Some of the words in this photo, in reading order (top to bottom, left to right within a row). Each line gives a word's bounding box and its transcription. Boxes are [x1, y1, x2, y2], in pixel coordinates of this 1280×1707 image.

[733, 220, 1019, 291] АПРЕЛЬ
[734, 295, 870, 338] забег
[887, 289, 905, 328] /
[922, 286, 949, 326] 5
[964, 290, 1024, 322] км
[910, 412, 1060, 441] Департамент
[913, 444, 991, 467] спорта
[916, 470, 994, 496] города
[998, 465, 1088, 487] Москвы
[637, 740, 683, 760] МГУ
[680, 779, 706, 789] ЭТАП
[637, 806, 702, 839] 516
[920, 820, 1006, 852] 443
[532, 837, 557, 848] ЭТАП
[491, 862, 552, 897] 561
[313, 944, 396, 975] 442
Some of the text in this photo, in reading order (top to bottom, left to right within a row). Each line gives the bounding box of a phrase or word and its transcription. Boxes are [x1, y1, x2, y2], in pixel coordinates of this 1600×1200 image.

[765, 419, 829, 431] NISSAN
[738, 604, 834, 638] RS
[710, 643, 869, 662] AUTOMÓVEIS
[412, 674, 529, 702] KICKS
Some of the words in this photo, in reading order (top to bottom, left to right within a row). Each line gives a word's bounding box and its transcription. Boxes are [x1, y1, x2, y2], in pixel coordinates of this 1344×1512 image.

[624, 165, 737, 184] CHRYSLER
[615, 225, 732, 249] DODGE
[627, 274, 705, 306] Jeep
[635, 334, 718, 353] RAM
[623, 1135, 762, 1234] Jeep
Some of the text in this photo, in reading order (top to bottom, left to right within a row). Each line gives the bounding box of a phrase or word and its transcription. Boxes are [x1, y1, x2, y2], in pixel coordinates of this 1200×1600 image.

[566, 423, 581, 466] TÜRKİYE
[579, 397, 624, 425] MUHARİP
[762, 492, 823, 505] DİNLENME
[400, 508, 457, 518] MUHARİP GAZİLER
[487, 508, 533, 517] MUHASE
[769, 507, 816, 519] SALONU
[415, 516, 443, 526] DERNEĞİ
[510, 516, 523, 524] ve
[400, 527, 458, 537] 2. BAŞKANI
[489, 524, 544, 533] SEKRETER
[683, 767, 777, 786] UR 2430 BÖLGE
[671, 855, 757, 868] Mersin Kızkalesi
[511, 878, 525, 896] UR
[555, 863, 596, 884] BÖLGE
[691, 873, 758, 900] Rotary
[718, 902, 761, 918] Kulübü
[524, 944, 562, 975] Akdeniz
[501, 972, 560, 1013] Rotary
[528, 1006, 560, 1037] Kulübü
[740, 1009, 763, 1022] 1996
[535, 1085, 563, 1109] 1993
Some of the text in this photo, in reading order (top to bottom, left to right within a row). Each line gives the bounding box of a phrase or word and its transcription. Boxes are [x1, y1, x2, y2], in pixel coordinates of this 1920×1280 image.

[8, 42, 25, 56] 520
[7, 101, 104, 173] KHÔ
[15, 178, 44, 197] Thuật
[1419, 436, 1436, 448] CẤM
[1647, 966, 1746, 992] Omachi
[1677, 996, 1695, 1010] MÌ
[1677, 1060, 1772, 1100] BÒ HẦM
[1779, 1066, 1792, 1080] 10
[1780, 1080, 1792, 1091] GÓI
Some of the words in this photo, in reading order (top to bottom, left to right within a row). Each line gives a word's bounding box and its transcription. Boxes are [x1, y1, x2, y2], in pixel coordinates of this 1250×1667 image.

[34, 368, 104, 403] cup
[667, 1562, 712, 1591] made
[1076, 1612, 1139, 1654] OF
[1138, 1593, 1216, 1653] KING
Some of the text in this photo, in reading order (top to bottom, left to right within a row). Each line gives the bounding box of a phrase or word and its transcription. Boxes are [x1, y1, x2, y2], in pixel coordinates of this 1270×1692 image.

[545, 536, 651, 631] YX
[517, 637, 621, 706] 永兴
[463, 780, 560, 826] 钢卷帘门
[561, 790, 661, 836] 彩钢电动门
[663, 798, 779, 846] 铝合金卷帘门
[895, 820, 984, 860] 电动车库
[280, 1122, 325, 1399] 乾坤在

═══

#### Work instruction:
Copy the records. Each line should match exactly.

#### Result below:
Some of the words in this photo, in reading order (top to bottom, left to right within a row). Each line gives a word's bounding box and its transcription. Boxes are [x1, y1, x2, y2], in pixel coordinates of this 1280×1707 image.

[733, 220, 1019, 291] АПРЕЛЬ
[734, 295, 870, 338] забег
[887, 289, 905, 328] /
[922, 286, 949, 326] 5
[964, 290, 1024, 322] км
[910, 412, 1060, 441] Департамент
[913, 444, 991, 467] спорта
[916, 470, 994, 496] города
[998, 465, 1088, 487] Москвы
[637, 740, 683, 760] МГУ
[680, 779, 706, 789] ЭТАП
[637, 806, 702, 839] 516
[920, 820, 1006, 852] 443
[532, 837, 557, 848] ЭТАП
[491, 862, 552, 897] 561
[313, 944, 396, 975] 442
Some of the text in this photo, in reading order (top to bottom, left to right within a row). Each line gives the bounding box of a phrase or word and its transcription. Boxes are [x1, y1, x2, y2], in pixel coordinates of this 1600×1200 image.

[765, 419, 829, 431] NISSAN
[738, 604, 834, 638] RS
[710, 643, 869, 662] AUTOMÓVEIS
[412, 674, 529, 702] KICKS
Some of the words in this photo, in reading order (top to bottom, left to right within a row). Each line gives a word's bounding box and its transcription. Boxes are [x1, y1, x2, y2], in pixel coordinates of this 1344×1512 image.

[624, 165, 737, 184] CHRYSLER
[615, 225, 732, 249] DODGE
[627, 274, 705, 306] Jeep
[635, 334, 718, 353] RAM
[623, 1135, 762, 1234] Jeep
Some of the text in this photo, in reading order (top to bottom, left to right within a row). Each line gives the bounding box of a phrase or word and its transcription. Boxes are [x1, y1, x2, y2], in pixel coordinates of this 1200×1600 image.

[566, 423, 581, 466] TÜRKİYE
[579, 397, 624, 425] MUHARİP
[762, 492, 823, 505] DİNLENME
[400, 508, 457, 518] MUHARİP GAZİLER
[487, 508, 533, 517] MUHASE
[769, 507, 816, 519] SALONU
[415, 516, 443, 526] DERNEĞİ
[510, 516, 523, 524] ve
[400, 527, 458, 537] 2. BAŞKANI
[489, 524, 544, 533] SEKRETER
[683, 767, 777, 786] UR 2430 BÖLGE
[671, 855, 757, 868] Mersin Kızkalesi
[511, 878, 525, 896] UR
[555, 863, 596, 884] BÖLGE
[691, 873, 758, 900] Rotary
[718, 902, 761, 918] Kulübü
[524, 944, 562, 975] Akdeniz
[501, 972, 560, 1013] Rotary
[528, 1006, 560, 1037] Kulübü
[740, 1009, 763, 1022] 1996
[535, 1085, 563, 1109] 1993
Some of the text in this photo, in reading order (top to bottom, left to right within a row). Each line gives the bounding box of a phrase or word and its transcription. Boxes are [x1, y1, x2, y2], in pixel coordinates of this 1920×1280 image.

[8, 42, 25, 56] 520
[7, 101, 104, 173] KHÔ
[15, 178, 44, 197] Thuật
[1419, 436, 1436, 448] CẤM
[1647, 966, 1746, 992] Omachi
[1677, 996, 1695, 1010] MÌ
[1677, 1060, 1772, 1100] BÒ HẦM
[1779, 1066, 1792, 1080] 10
[1780, 1080, 1792, 1091] GÓI
Some of the words in this photo, in reading order (top to bottom, left to right within a row). Each line gives a word's bounding box and its transcription. Boxes are [x1, y1, x2, y2], in pixel coordinates of this 1250×1667 image.

[34, 368, 104, 403] cup
[667, 1562, 712, 1591] made
[1076, 1612, 1139, 1654] OF
[1138, 1593, 1216, 1653] KING
Some of the text in this photo, in reading order (top to bottom, left to right within a row). Each line gives the bounding box of a phrase or word and its transcription. Boxes are [x1, y1, x2, y2], in pixel coordinates of this 1270×1692 image.

[545, 536, 651, 631] YX
[517, 637, 621, 706] 永兴
[463, 780, 560, 826] 钢卷帘门
[561, 790, 661, 836] 彩钢电动门
[663, 798, 779, 846] 铝合金卷帘门
[895, 820, 984, 860] 电动车库
[280, 1122, 325, 1399] 乾坤在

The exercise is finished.